The issue also covers major policy issues in education like teacher preparation, school discipline, and school-based assessment for intervention and accountability purposes. The editors urge a greater focus on outcomes at the teacher and classroom level; a focus on skills appropriate to each grade and age; and that measurement should narrow in focus but be broader in context and depth. 

At its core, the editors write, social and emotional leaning involves children’s ability to learn about and manage their own emotions and interactions in ways that benefit themselves and others, and that help children succeed in schooling, the workplace, relationships, and citizenship. 

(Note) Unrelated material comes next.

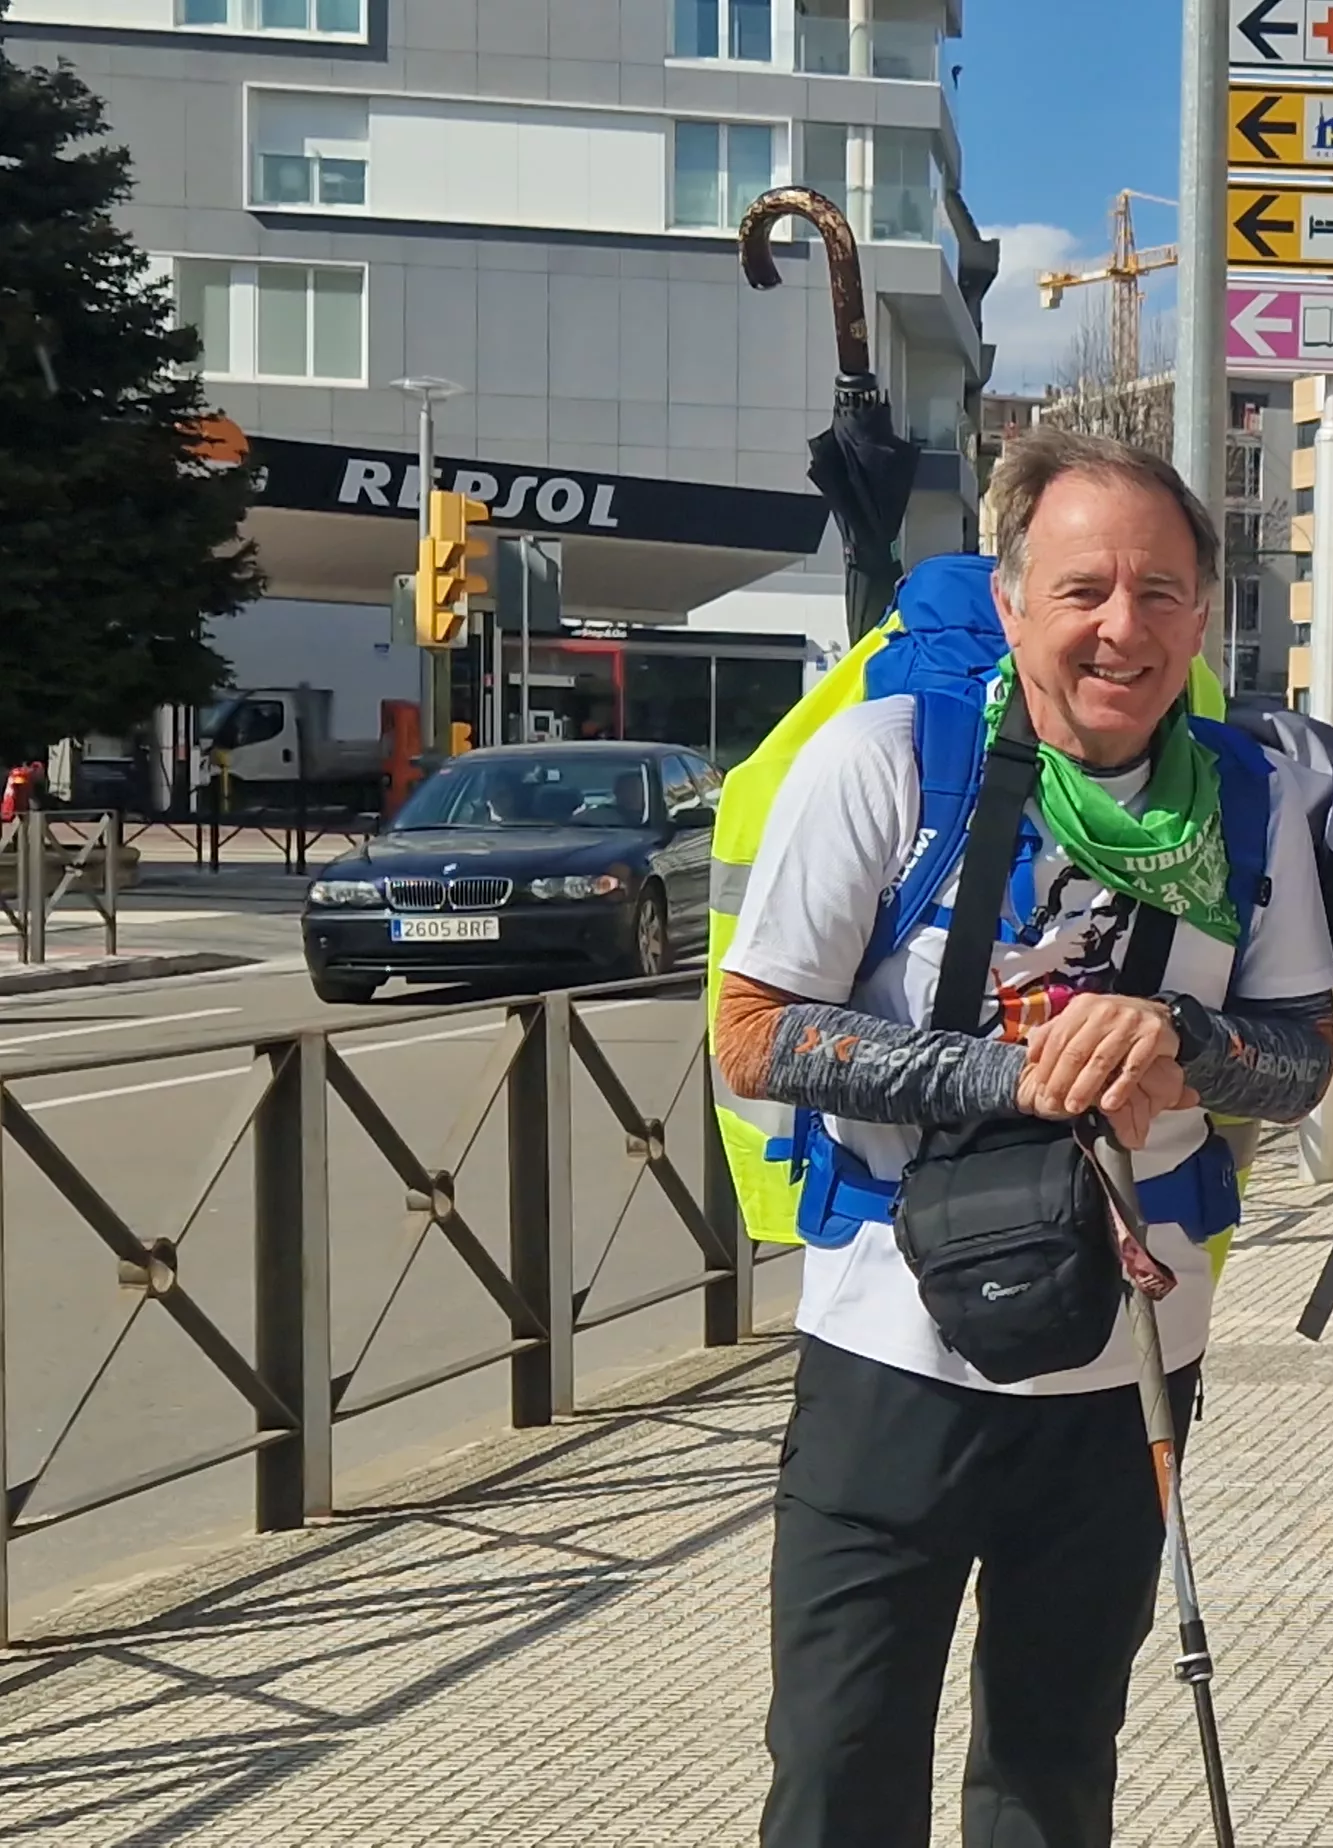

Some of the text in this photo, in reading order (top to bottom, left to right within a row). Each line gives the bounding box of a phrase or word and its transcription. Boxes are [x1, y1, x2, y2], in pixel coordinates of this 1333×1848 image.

The essays in the journal by a variety of authors include: 

  •  A framework for considering the role of schools and related settings in supporting SEL skills and development using a public health model emphasizing services for all. The authors argue that “evidence-based social and emotional (SEL) programs, when implemented effectively, lead to measurable and potentially long-lasting improvements in many areas of children’s lives.” 
     
  • Four articles on the state of the science at different levels of schooling, including preschool, elementary school, middle and high school, and afterschool programs. The four articles ask how SEL skills are defined and typically cultivated, what has been learned from intervention and prevention, what strategies are effective, whether effects vary depending on children’s background, and the primary challenges to integrating SEL into educational practice. The editors conclude that research evidence that is apparently inconsistent is less so than it appears, and is the result of a misalignment between what the intervention sought to accomplish and what is measured. “What appears to be variation in impacts may instead stem from imprecise program targets misaligned with too-general measures of outcomes. That is to say, program evaluations often fail to measure whether students have mastered the precise skills the programs seek to impart.” 
     
  • Three articles that offer an overview of the policy landscape in relation to SEL in three areas: teacher professional development and well-being; assessment and learning standards; and school discipline policies and practice. The authors of the essays conclude that: teacher preparation programs largely ignore this aspect of teaching; that incorporating SEL into schools can reduce the need to suspend or expel students; and why sophisticated test development that meets rigorous scientific and ethical standards is important for school-based SEL to achieve its promise, and that current assessments are inappropriate for high-stakes testing.​

Key Takeaways

  • The Future of Children turns its focus on social and emotional learning, finding that these skills are essential for children and that adults need training to help children develop them. 
     
  • In schools and afterschool programs, efforts to help children develop social and emotional skills should focus on skills that are relevant to the particular age group, according to the spring issue of The Future of Children.